(Images for object localization)
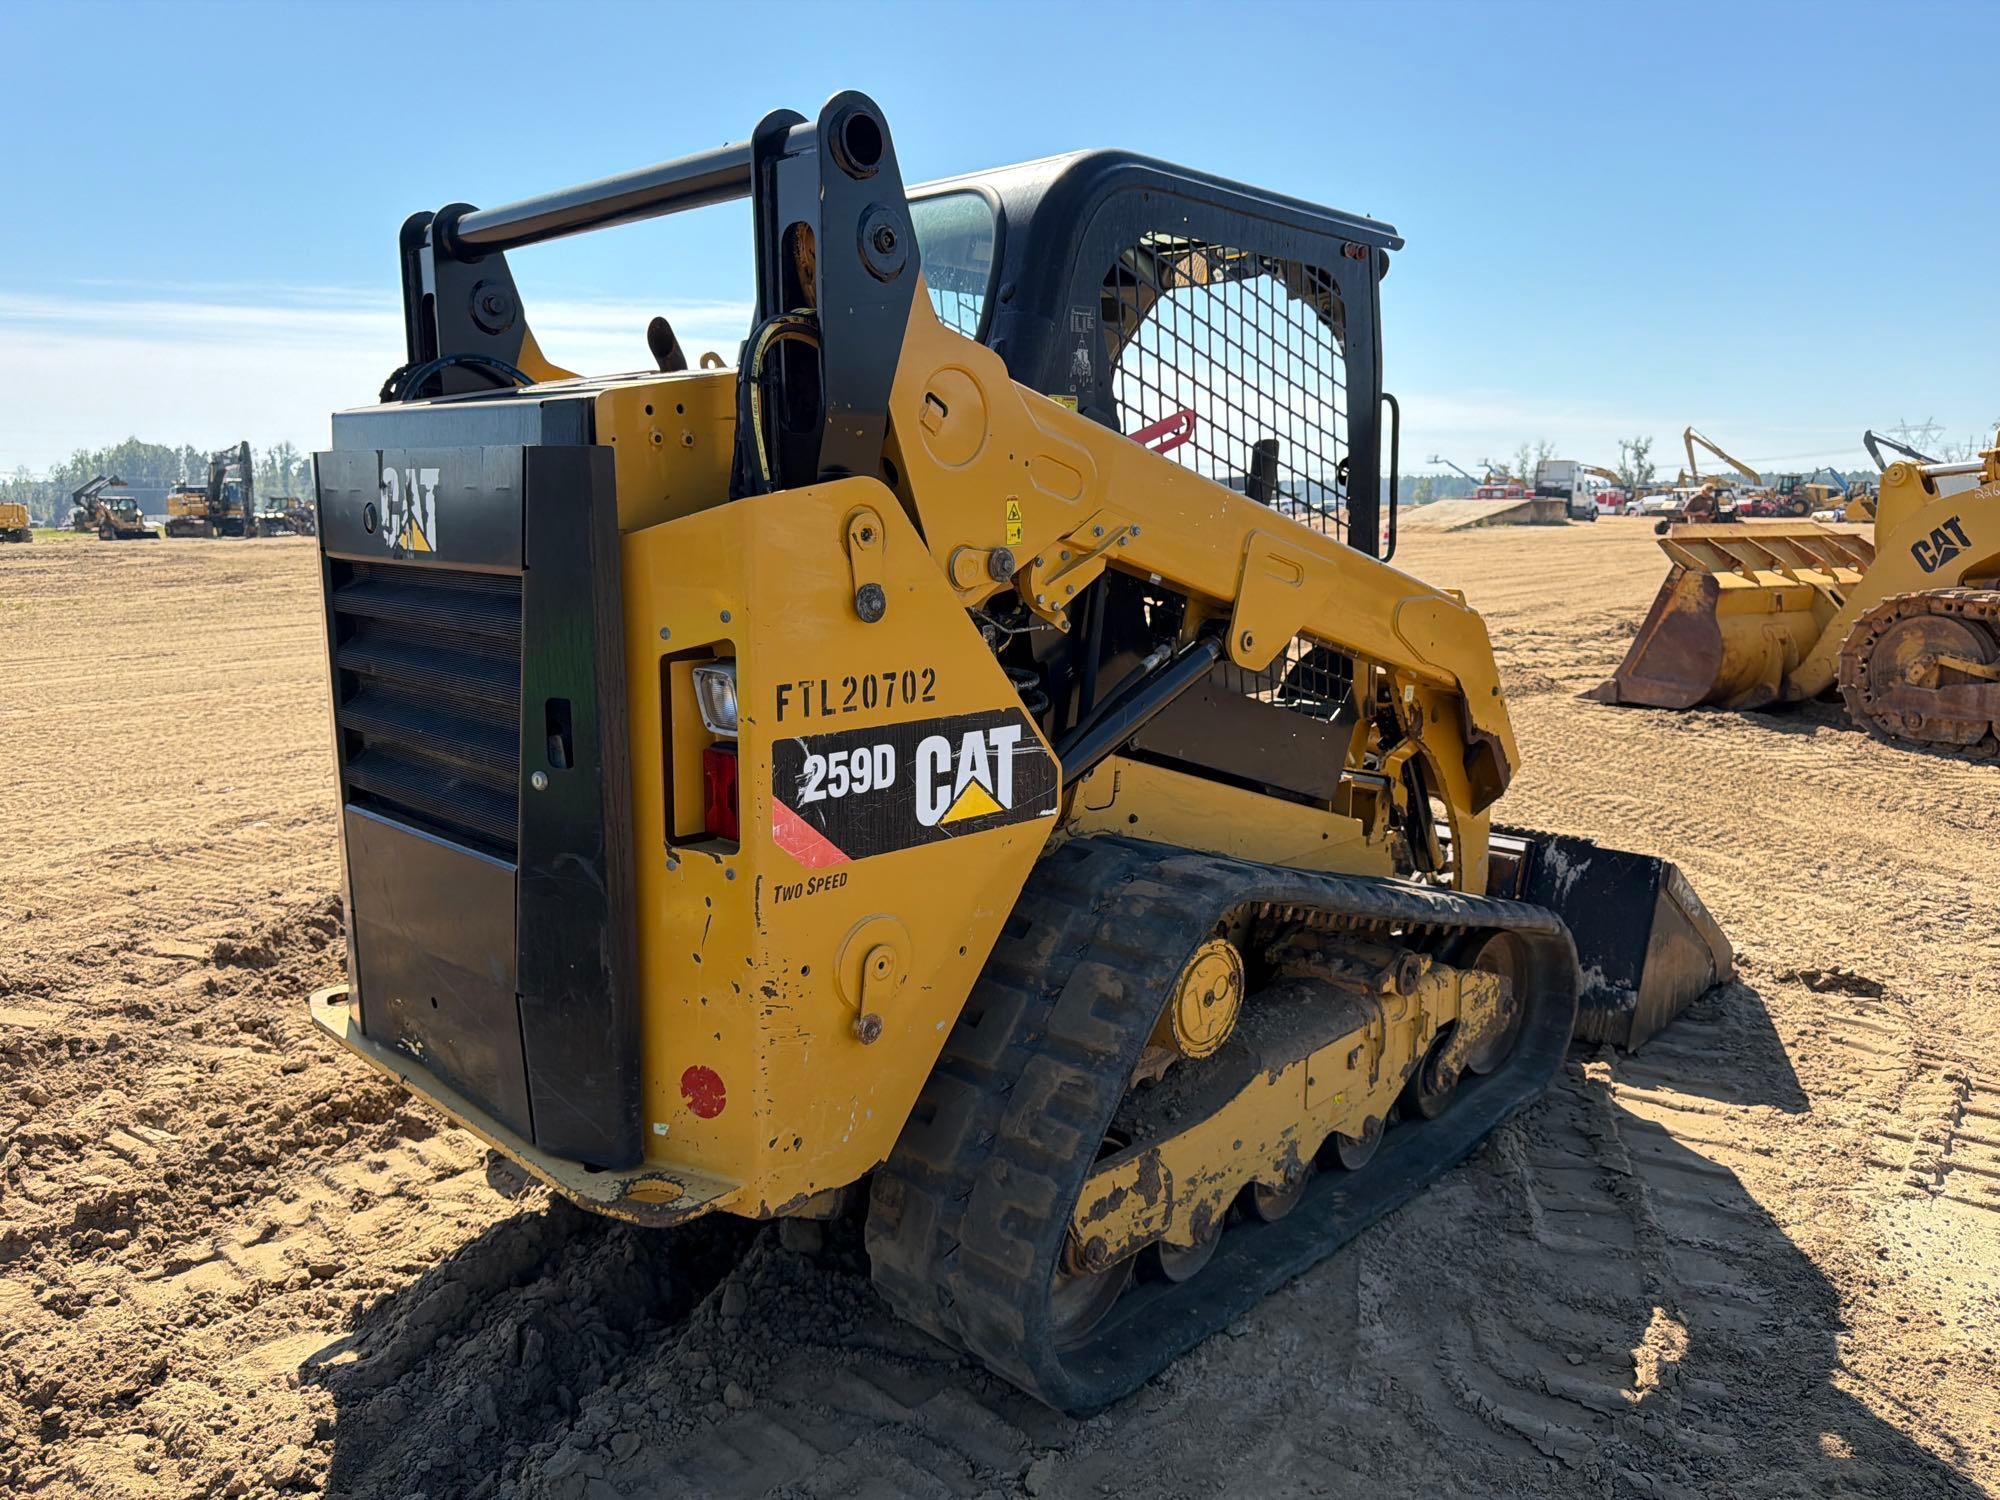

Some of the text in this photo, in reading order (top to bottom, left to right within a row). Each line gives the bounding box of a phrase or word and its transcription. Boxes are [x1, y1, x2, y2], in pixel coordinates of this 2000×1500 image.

[380, 467, 440, 553] CAT
[1911, 514, 1972, 573] CAT
[776, 667, 936, 722] FTL20702
[801, 724, 1022, 827] 259D CAT
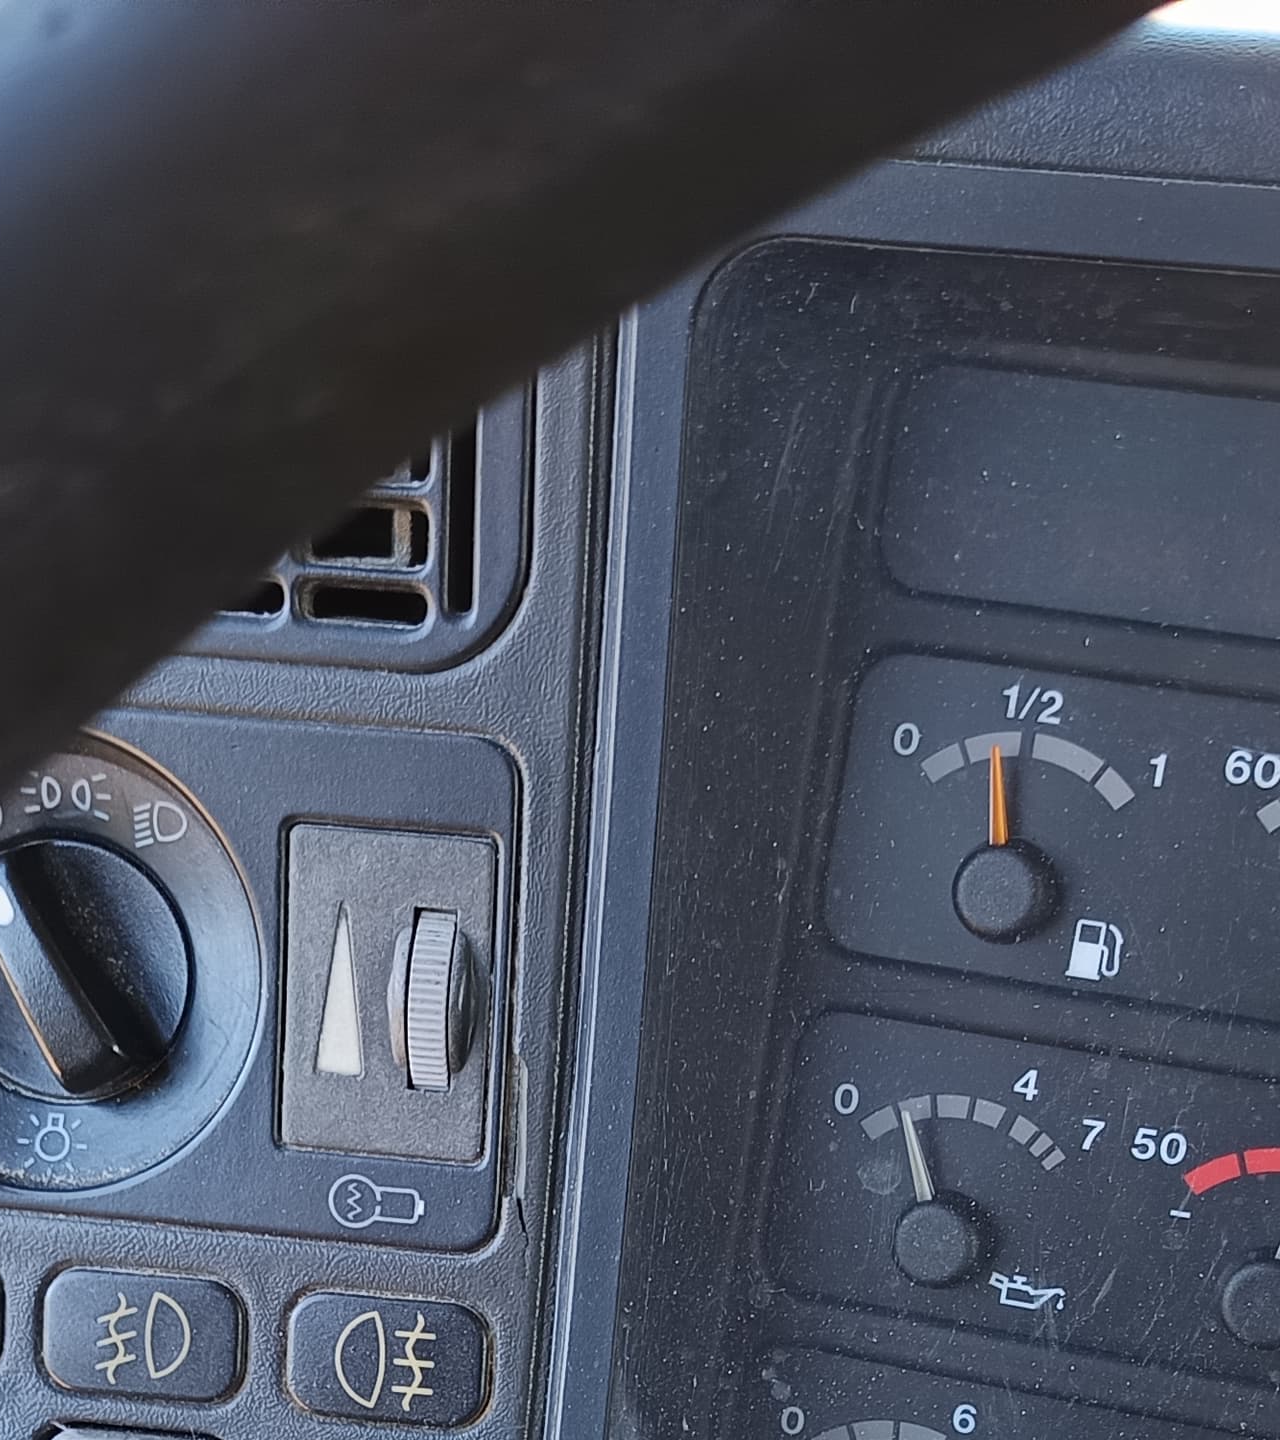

**Work item**: Please print the entries shown above again, exactly, and skip the pictures.

**Completed exercise**:
Some of the text in this photo, in reading order (top to bottom, left to right within a row). Each line gives the bounding box of a phrase or word and its transcription. Boxes are [x1, y1, x2, y2], in pixel coordinates of this 2000×1500 image.

[380, 467, 440, 553] CAT
[1911, 514, 1972, 573] CAT
[776, 667, 936, 722] FTL20702
[801, 724, 1022, 827] 259D CAT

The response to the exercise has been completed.